From the line containing "this 1600×1200 image." to the line containing "Some of the words" in the records below, set down every line exactly as it stands, both ends included, and skip the pictures.

---------- Raw data ----------

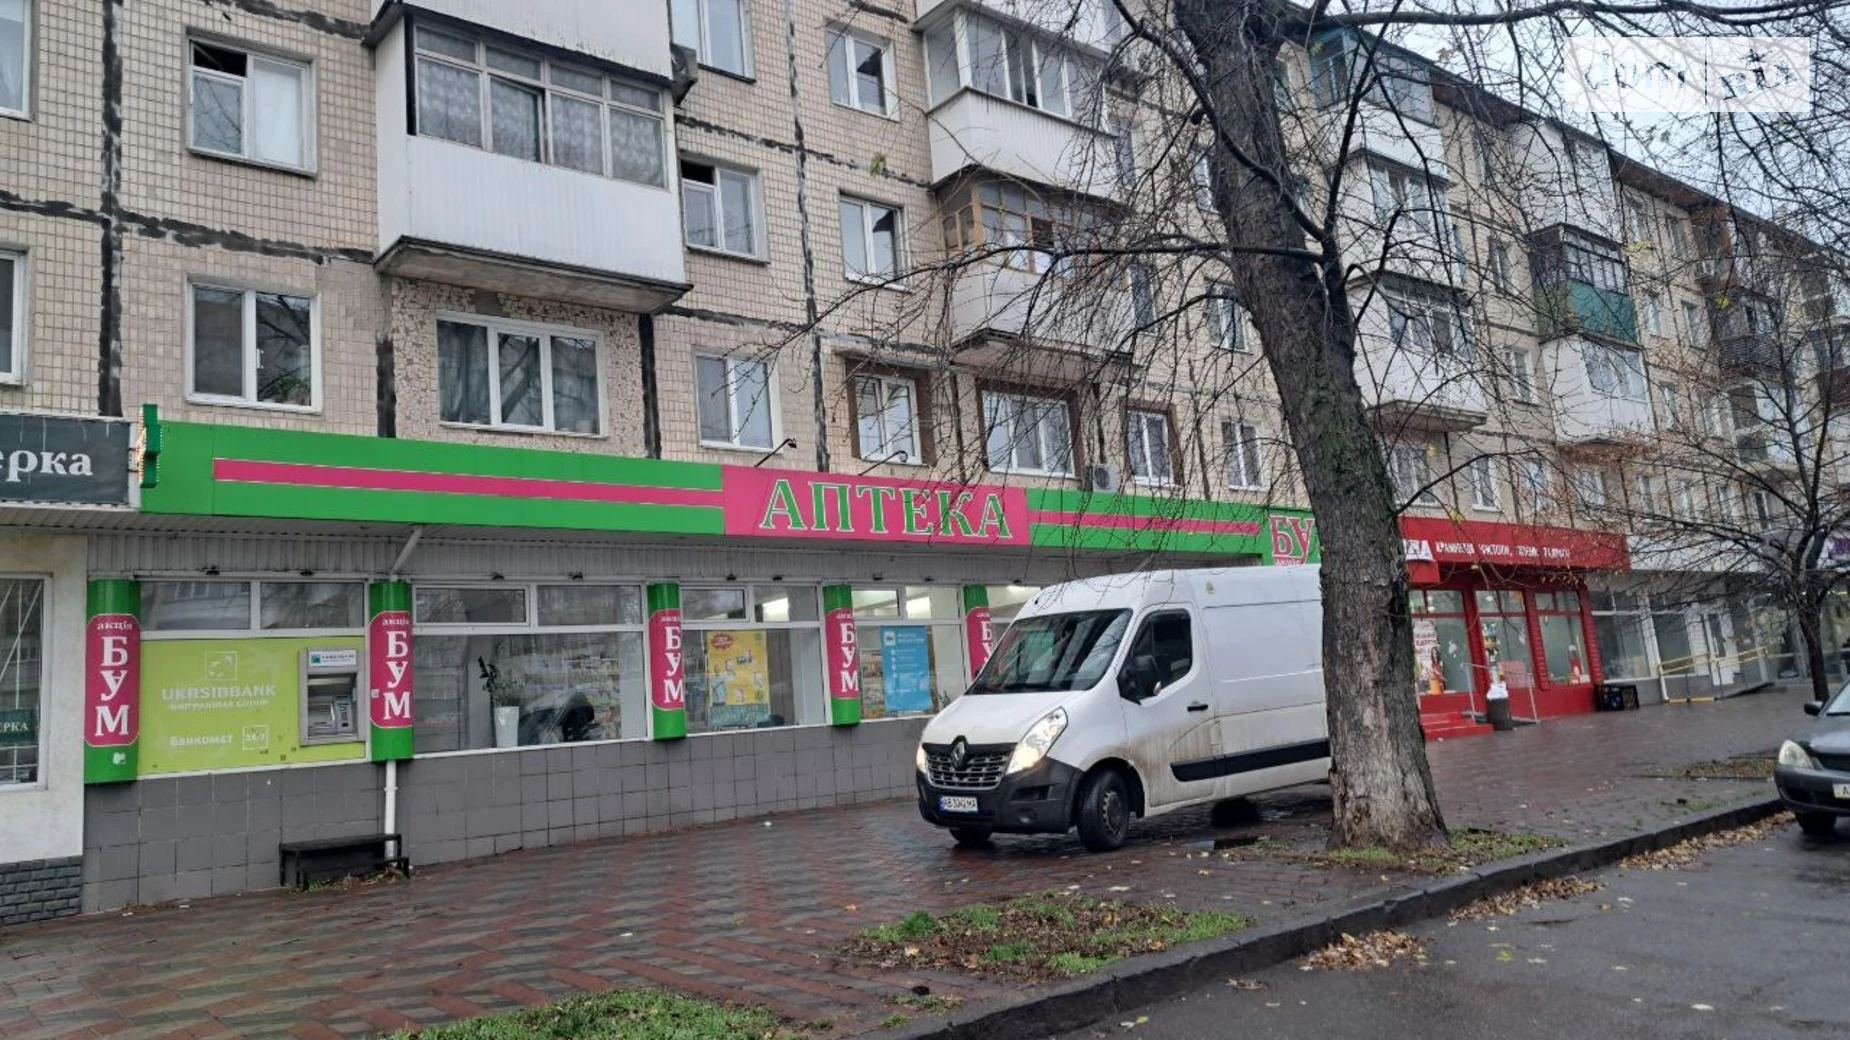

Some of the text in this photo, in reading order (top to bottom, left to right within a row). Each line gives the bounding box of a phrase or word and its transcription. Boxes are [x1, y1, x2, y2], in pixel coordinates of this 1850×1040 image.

----------
---------- Raw data ----------

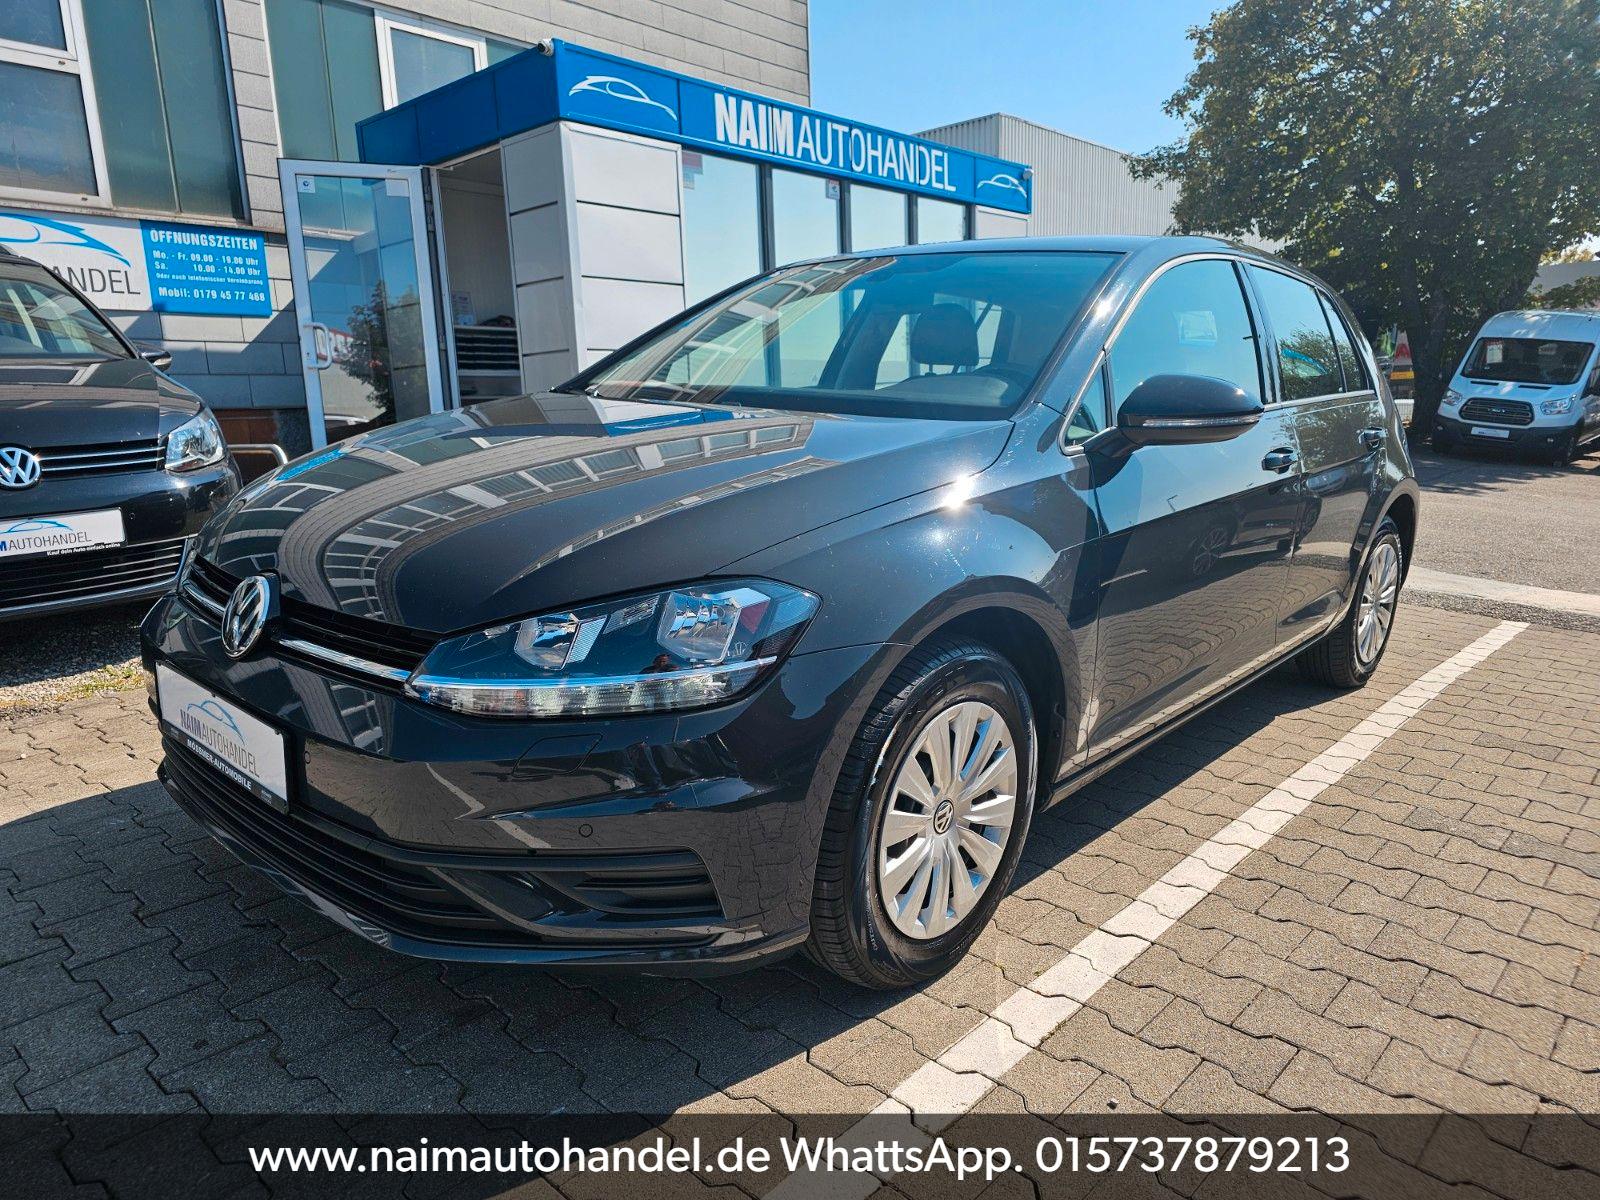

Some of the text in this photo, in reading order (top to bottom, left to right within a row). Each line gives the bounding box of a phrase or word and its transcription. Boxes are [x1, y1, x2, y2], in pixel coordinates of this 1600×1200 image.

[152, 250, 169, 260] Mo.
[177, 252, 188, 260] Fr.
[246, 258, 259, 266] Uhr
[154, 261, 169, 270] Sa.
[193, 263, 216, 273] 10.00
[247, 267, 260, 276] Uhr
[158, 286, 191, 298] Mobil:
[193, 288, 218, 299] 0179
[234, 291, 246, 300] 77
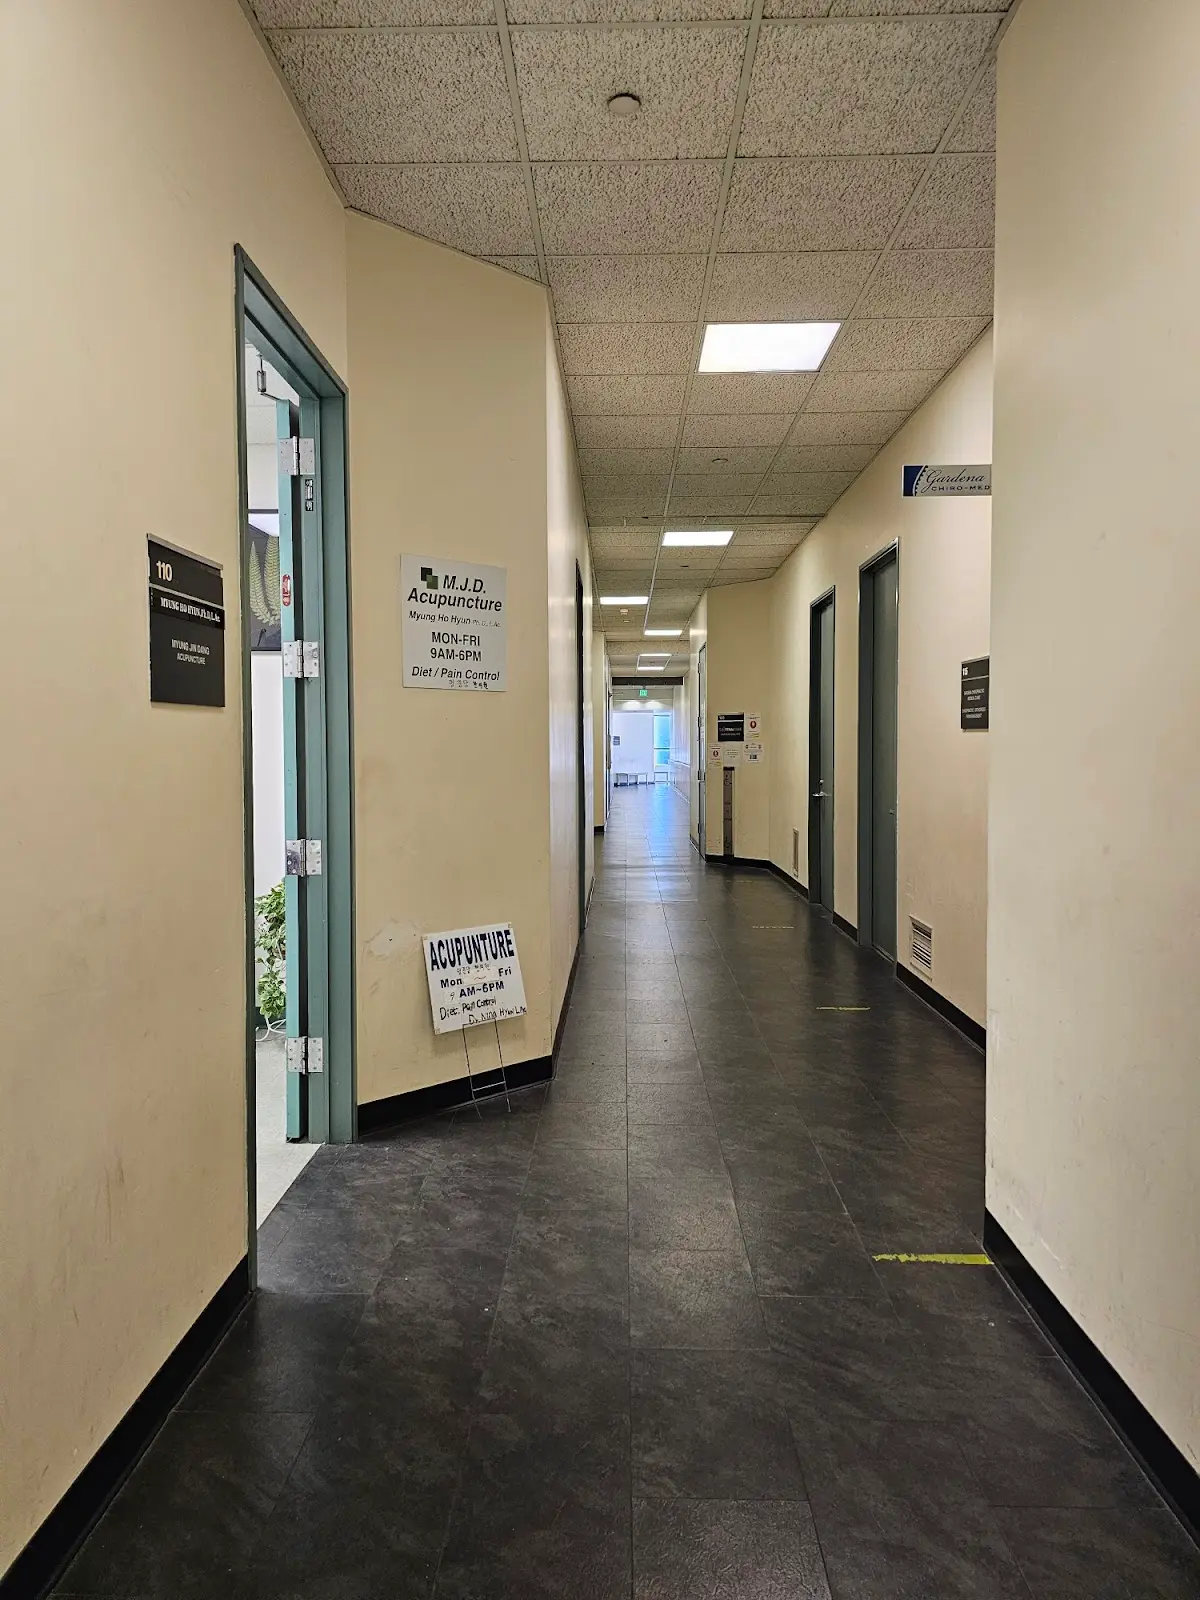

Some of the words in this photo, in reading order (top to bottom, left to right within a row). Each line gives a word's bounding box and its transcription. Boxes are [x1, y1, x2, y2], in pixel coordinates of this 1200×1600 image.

----------
---------- Raw data ----------

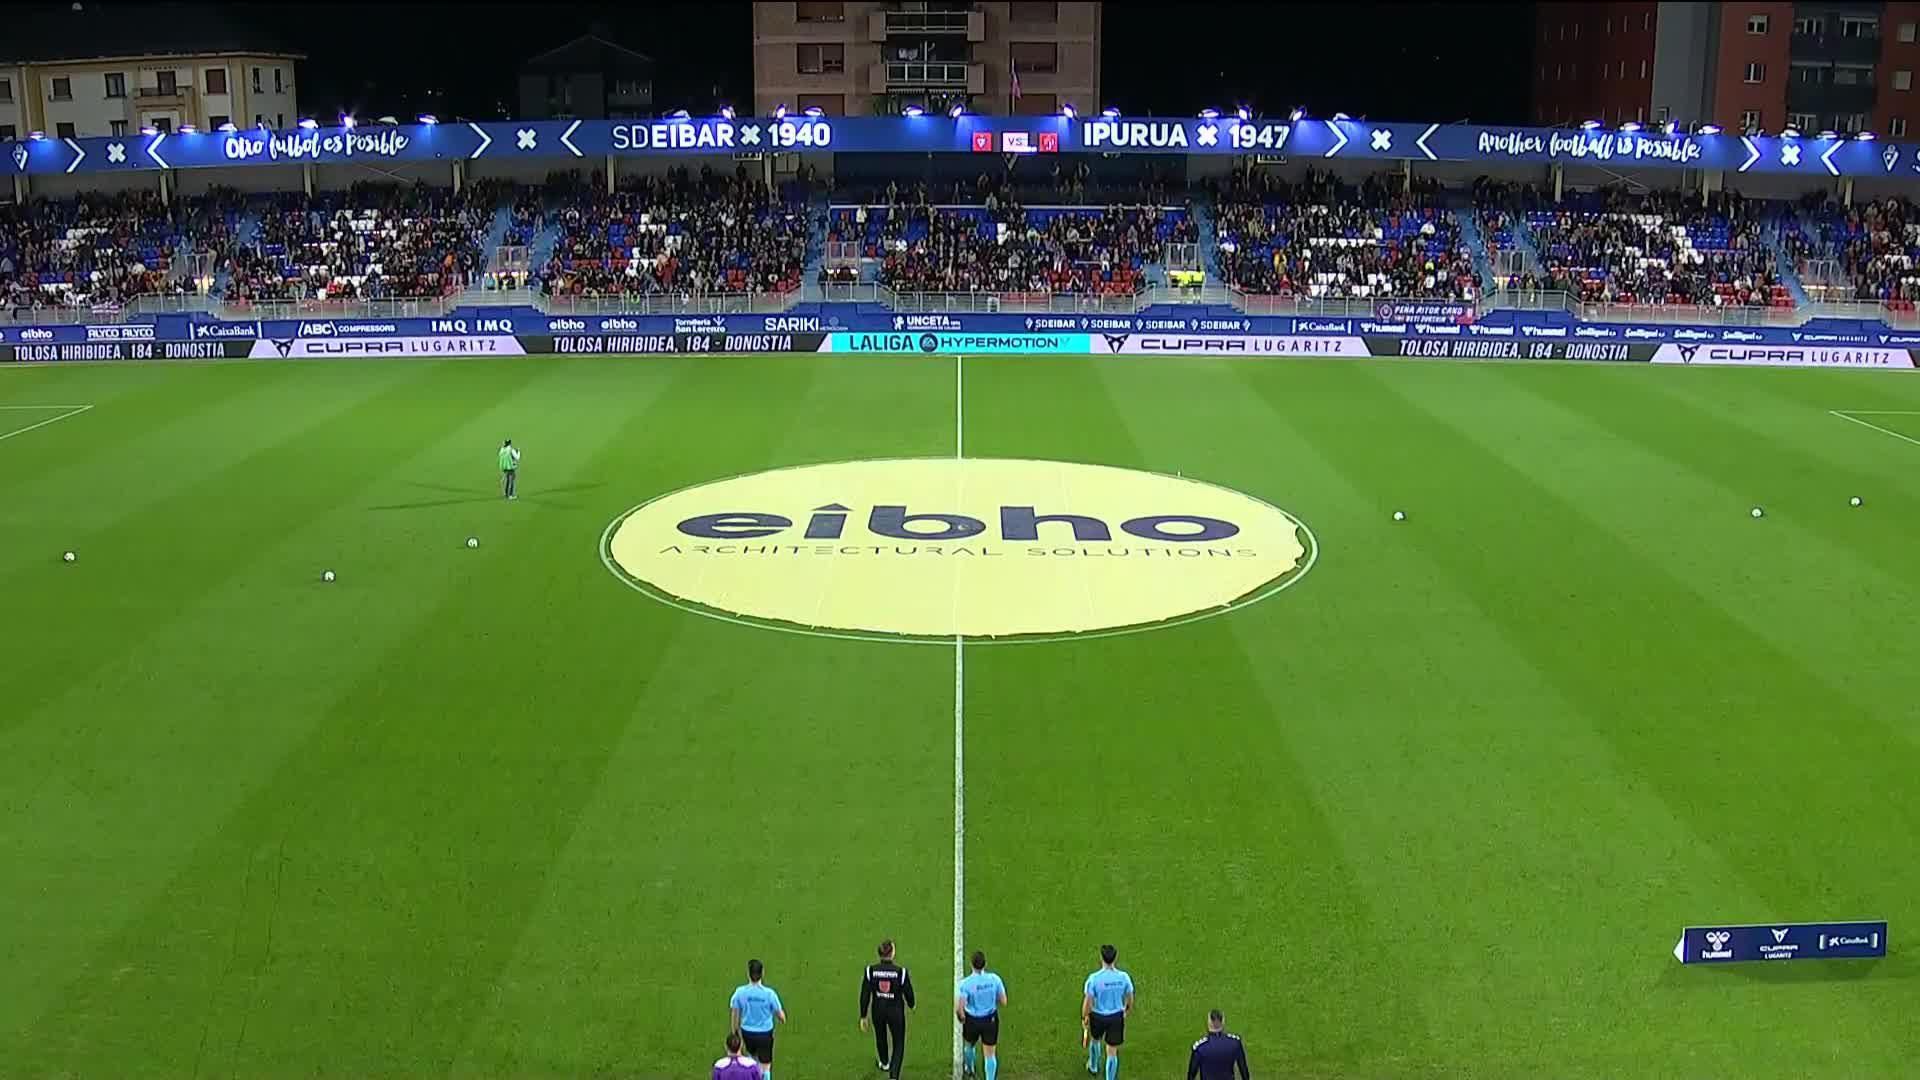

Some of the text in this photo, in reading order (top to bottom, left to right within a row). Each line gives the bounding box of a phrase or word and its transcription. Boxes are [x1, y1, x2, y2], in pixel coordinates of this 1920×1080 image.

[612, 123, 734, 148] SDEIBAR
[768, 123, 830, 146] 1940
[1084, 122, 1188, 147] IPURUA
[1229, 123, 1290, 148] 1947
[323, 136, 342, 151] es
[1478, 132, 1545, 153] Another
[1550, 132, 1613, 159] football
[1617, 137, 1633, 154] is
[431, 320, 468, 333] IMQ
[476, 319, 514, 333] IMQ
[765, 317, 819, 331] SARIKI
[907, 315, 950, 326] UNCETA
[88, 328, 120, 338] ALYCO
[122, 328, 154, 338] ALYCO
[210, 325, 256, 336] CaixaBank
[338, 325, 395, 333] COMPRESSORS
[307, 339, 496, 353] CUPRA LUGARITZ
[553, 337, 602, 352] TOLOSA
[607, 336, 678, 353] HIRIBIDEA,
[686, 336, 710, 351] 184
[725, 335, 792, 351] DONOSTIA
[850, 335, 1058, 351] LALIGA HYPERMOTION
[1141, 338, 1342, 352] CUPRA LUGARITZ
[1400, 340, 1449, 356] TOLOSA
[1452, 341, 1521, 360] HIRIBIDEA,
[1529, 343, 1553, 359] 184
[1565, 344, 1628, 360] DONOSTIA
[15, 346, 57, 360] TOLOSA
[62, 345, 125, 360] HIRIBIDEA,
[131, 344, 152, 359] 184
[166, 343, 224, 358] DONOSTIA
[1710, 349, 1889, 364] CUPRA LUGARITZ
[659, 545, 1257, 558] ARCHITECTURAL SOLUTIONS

----------

Exercise response
Some of the text in this photo, in reading order (top to bottom, left to right within a row). Each line gives the bounding box of a phrase or word and its transcription. Boxes are [x1, y1, x2, y2], in pixel coordinates of this 1600×1200 image.

[152, 250, 169, 260] Mo.
[177, 252, 188, 260] Fr.
[246, 258, 259, 266] Uhr
[154, 261, 169, 270] Sa.
[193, 263, 216, 273] 10.00
[247, 267, 260, 276] Uhr
[158, 286, 191, 298] Mobil:
[193, 288, 218, 299] 0179
[234, 291, 246, 300] 77

Some of the words in this photo, in reading order (top to bottom, left to right within a row). Each line gives a word's bounding box and its transcription. Boxes are [x1, y1, x2, y2], in pixel coordinates of this 1200×1600 image.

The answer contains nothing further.